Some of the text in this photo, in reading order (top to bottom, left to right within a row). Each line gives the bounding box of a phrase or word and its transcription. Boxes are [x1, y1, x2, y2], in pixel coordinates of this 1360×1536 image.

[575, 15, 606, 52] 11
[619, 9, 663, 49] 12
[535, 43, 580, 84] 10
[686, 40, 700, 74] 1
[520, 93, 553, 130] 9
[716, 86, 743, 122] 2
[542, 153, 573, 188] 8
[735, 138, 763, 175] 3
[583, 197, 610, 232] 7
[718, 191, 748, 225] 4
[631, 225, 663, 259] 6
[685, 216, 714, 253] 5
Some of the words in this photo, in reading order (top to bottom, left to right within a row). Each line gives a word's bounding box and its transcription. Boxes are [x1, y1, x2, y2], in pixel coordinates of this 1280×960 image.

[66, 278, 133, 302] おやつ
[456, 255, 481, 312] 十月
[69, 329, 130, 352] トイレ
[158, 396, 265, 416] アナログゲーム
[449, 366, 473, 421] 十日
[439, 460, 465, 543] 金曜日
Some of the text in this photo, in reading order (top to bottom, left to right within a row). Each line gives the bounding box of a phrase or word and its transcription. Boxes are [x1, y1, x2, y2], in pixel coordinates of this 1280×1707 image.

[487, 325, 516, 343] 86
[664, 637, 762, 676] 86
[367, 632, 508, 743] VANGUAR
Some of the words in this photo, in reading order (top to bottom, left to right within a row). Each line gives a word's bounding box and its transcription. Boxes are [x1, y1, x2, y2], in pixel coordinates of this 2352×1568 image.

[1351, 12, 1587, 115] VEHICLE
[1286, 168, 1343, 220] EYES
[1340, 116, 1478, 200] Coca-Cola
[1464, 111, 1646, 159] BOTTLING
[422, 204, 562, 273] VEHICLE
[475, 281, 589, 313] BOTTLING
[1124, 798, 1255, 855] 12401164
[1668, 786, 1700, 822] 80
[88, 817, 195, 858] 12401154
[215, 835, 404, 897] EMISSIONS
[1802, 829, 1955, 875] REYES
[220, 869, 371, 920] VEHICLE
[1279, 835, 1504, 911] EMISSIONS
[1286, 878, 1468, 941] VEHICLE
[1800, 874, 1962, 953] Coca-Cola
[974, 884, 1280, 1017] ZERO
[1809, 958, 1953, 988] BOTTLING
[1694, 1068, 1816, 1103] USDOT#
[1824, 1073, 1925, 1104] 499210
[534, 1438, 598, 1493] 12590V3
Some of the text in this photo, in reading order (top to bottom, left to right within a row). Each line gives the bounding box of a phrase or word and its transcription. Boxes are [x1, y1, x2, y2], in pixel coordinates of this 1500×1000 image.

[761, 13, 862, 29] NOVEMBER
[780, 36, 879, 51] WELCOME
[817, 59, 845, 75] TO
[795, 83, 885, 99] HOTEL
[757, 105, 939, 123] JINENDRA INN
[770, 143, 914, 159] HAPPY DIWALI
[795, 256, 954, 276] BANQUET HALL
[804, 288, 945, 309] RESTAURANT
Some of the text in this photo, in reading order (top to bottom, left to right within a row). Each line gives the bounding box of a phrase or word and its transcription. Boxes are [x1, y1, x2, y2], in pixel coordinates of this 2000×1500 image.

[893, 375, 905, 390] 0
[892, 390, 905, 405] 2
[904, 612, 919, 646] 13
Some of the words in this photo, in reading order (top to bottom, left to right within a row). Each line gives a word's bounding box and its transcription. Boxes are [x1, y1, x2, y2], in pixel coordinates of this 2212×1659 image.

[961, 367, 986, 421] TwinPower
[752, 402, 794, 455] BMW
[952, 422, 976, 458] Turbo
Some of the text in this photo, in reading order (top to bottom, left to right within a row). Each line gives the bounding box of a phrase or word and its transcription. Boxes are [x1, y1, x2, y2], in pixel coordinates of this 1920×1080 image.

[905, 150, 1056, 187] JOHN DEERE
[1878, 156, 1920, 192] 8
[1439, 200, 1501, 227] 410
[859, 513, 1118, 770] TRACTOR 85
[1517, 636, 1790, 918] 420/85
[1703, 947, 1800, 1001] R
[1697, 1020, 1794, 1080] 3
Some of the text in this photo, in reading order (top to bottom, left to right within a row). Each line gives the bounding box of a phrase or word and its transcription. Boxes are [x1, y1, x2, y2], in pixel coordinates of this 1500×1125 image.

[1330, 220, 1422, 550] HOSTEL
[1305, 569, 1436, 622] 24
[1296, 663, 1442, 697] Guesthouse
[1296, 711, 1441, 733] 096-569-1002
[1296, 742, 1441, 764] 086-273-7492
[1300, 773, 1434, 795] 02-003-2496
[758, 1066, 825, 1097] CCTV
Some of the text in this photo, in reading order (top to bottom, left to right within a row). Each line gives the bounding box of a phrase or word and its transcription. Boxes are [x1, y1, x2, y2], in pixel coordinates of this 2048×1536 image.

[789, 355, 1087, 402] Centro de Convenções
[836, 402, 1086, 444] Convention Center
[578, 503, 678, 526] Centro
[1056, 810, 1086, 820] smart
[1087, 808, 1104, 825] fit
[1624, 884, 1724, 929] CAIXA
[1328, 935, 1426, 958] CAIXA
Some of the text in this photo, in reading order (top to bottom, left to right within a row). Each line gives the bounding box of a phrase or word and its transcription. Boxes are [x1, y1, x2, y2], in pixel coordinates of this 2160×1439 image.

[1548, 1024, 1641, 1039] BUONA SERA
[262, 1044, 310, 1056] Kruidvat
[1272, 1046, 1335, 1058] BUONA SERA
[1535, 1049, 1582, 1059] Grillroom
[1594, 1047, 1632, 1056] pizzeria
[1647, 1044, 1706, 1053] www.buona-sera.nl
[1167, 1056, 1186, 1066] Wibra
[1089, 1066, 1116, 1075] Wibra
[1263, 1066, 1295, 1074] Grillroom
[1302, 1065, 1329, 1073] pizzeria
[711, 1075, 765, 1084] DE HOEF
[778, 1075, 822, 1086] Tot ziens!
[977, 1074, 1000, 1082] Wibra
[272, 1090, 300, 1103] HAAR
========
**WHAT YOU NEED TO DO**
Word for word, write out every line of the listing.

**ANSWER**
Some of the text in this photo, in reading order (top to bottom, left to right within a row). Each line gives the bounding box of a phrase or word and its transcription. Boxes are [x1, y1, x2, y2], in pixel coordinates of this 1360×1536 image.

[575, 15, 606, 52] 11
[619, 9, 663, 49] 12
[535, 43, 580, 84] 10
[686, 40, 700, 74] 1
[520, 93, 553, 130] 9
[716, 86, 743, 122] 2
[542, 153, 573, 188] 8
[735, 138, 763, 175] 3
[583, 197, 610, 232] 7
[718, 191, 748, 225] 4
[631, 225, 663, 259] 6
[685, 216, 714, 253] 5
Some of the words in this photo, in reading order (top to bottom, left to right within a row). Each line gives a word's bounding box and its transcription. Boxes are [x1, y1, x2, y2], in pixel coordinates of this 1280×960 image.

[66, 278, 133, 302] おやつ
[456, 255, 481, 312] 十月
[69, 329, 130, 352] トイレ
[158, 396, 265, 416] アナログゲーム
[449, 366, 473, 421] 十日
[439, 460, 465, 543] 金曜日
Some of the text in this photo, in reading order (top to bottom, left to right within a row). Each line gives the bounding box of a phrase or word and its transcription. Boxes are [x1, y1, x2, y2], in pixel coordinates of this 1280×1707 image.

[487, 325, 516, 343] 86
[664, 637, 762, 676] 86
[367, 632, 508, 743] VANGUAR
Some of the words in this photo, in reading order (top to bottom, left to right within a row). Each line gives a word's bounding box and its transcription. Boxes are [x1, y1, x2, y2], in pixel coordinates of this 2352×1568 image.

[1351, 12, 1587, 115] VEHICLE
[1286, 168, 1343, 220] EYES
[1340, 116, 1478, 200] Coca-Cola
[1464, 111, 1646, 159] BOTTLING
[422, 204, 562, 273] VEHICLE
[475, 281, 589, 313] BOTTLING
[1124, 798, 1255, 855] 12401164
[1668, 786, 1700, 822] 80
[88, 817, 195, 858] 12401154
[215, 835, 404, 897] EMISSIONS
[1802, 829, 1955, 875] REYES
[220, 869, 371, 920] VEHICLE
[1279, 835, 1504, 911] EMISSIONS
[1286, 878, 1468, 941] VEHICLE
[1800, 874, 1962, 953] Coca-Cola
[974, 884, 1280, 1017] ZERO
[1809, 958, 1953, 988] BOTTLING
[1694, 1068, 1816, 1103] USDOT#
[1824, 1073, 1925, 1104] 499210
[534, 1438, 598, 1493] 12590V3
Some of the text in this photo, in reading order (top to bottom, left to right within a row). Each line gives the bounding box of a phrase or word and its transcription. Boxes are [x1, y1, x2, y2], in pixel coordinates of this 1500×1000 image.

[761, 13, 862, 29] NOVEMBER
[780, 36, 879, 51] WELCOME
[817, 59, 845, 75] TO
[795, 83, 885, 99] HOTEL
[757, 105, 939, 123] JINENDRA INN
[770, 143, 914, 159] HAPPY DIWALI
[795, 256, 954, 276] BANQUET HALL
[804, 288, 945, 309] RESTAURANT
Some of the text in this photo, in reading order (top to bottom, left to right within a row). Each line gives the bounding box of a phrase or word and its transcription. Boxes are [x1, y1, x2, y2], in pixel coordinates of this 2000×1500 image.

[893, 375, 905, 390] 0
[892, 390, 905, 405] 2
[904, 612, 919, 646] 13
Some of the words in this photo, in reading order (top to bottom, left to right within a row). Each line gives a word's bounding box and its transcription. Boxes are [x1, y1, x2, y2], in pixel coordinates of this 2212×1659 image.

[961, 367, 986, 421] TwinPower
[752, 402, 794, 455] BMW
[952, 422, 976, 458] Turbo
Some of the text in this photo, in reading order (top to bottom, left to right within a row). Each line gives the bounding box of a phrase or word and its transcription. Boxes are [x1, y1, x2, y2], in pixel coordinates of this 1920×1080 image.

[905, 150, 1056, 187] JOHN DEERE
[1878, 156, 1920, 192] 8
[1439, 200, 1501, 227] 410
[859, 513, 1118, 770] TRACTOR 85
[1517, 636, 1790, 918] 420/85
[1703, 947, 1800, 1001] R
[1697, 1020, 1794, 1080] 3
Some of the text in this photo, in reading order (top to bottom, left to right within a row). Each line gives the bounding box of a phrase or word and its transcription. Boxes are [x1, y1, x2, y2], in pixel coordinates of this 1500×1125 image.

[1330, 220, 1422, 550] HOSTEL
[1305, 569, 1436, 622] 24
[1296, 663, 1442, 697] Guesthouse
[1296, 711, 1441, 733] 096-569-1002
[1296, 742, 1441, 764] 086-273-7492
[1300, 773, 1434, 795] 02-003-2496
[758, 1066, 825, 1097] CCTV
Some of the text in this photo, in reading order (top to bottom, left to right within a row). Each line gives the bounding box of a phrase or word and its transcription. Boxes are [x1, y1, x2, y2], in pixel coordinates of this 2048×1536 image.

[789, 355, 1087, 402] Centro de Convenções
[836, 402, 1086, 444] Convention Center
[578, 503, 678, 526] Centro
[1056, 810, 1086, 820] smart
[1087, 808, 1104, 825] fit
[1624, 884, 1724, 929] CAIXA
[1328, 935, 1426, 958] CAIXA
Some of the text in this photo, in reading order (top to bottom, left to right within a row). Each line gives the bounding box of a phrase or word and its transcription. Boxes are [x1, y1, x2, y2], in pixel coordinates of this 2160×1439 image.

[1548, 1024, 1641, 1039] BUONA SERA
[262, 1044, 310, 1056] Kruidvat
[1272, 1046, 1335, 1058] BUONA SERA
[1535, 1049, 1582, 1059] Grillroom
[1594, 1047, 1632, 1056] pizzeria
[1647, 1044, 1706, 1053] www.buona-sera.nl
[1167, 1056, 1186, 1066] Wibra
[1089, 1066, 1116, 1075] Wibra
[1263, 1066, 1295, 1074] Grillroom
[1302, 1065, 1329, 1073] pizzeria
[711, 1075, 765, 1084] DE HOEF
[778, 1075, 822, 1086] Tot ziens!
[977, 1074, 1000, 1082] Wibra
[272, 1090, 300, 1103] HAAR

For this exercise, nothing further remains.